=== Begin Enclosure ===

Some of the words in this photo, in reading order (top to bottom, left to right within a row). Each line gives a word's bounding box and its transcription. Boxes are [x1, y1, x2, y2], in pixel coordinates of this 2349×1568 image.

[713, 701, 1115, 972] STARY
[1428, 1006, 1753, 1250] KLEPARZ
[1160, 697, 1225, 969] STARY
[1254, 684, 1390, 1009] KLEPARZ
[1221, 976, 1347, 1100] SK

=== End Enclosure ===

What this task involves: The records are to be duplicated in full, with every word kept exactly.

Response below:
Some of the words in this photo, in reading order (top to bottom, left to right within a row). Each line gives a word's bounding box and its transcription. Boxes are [x1, y1, x2, y2], in pixel coordinates of this 2349×1568 image.

[713, 701, 1115, 972] STARY
[1428, 1006, 1753, 1250] KLEPARZ
[1160, 697, 1225, 969] STARY
[1254, 684, 1390, 1009] KLEPARZ
[1221, 976, 1347, 1100] SK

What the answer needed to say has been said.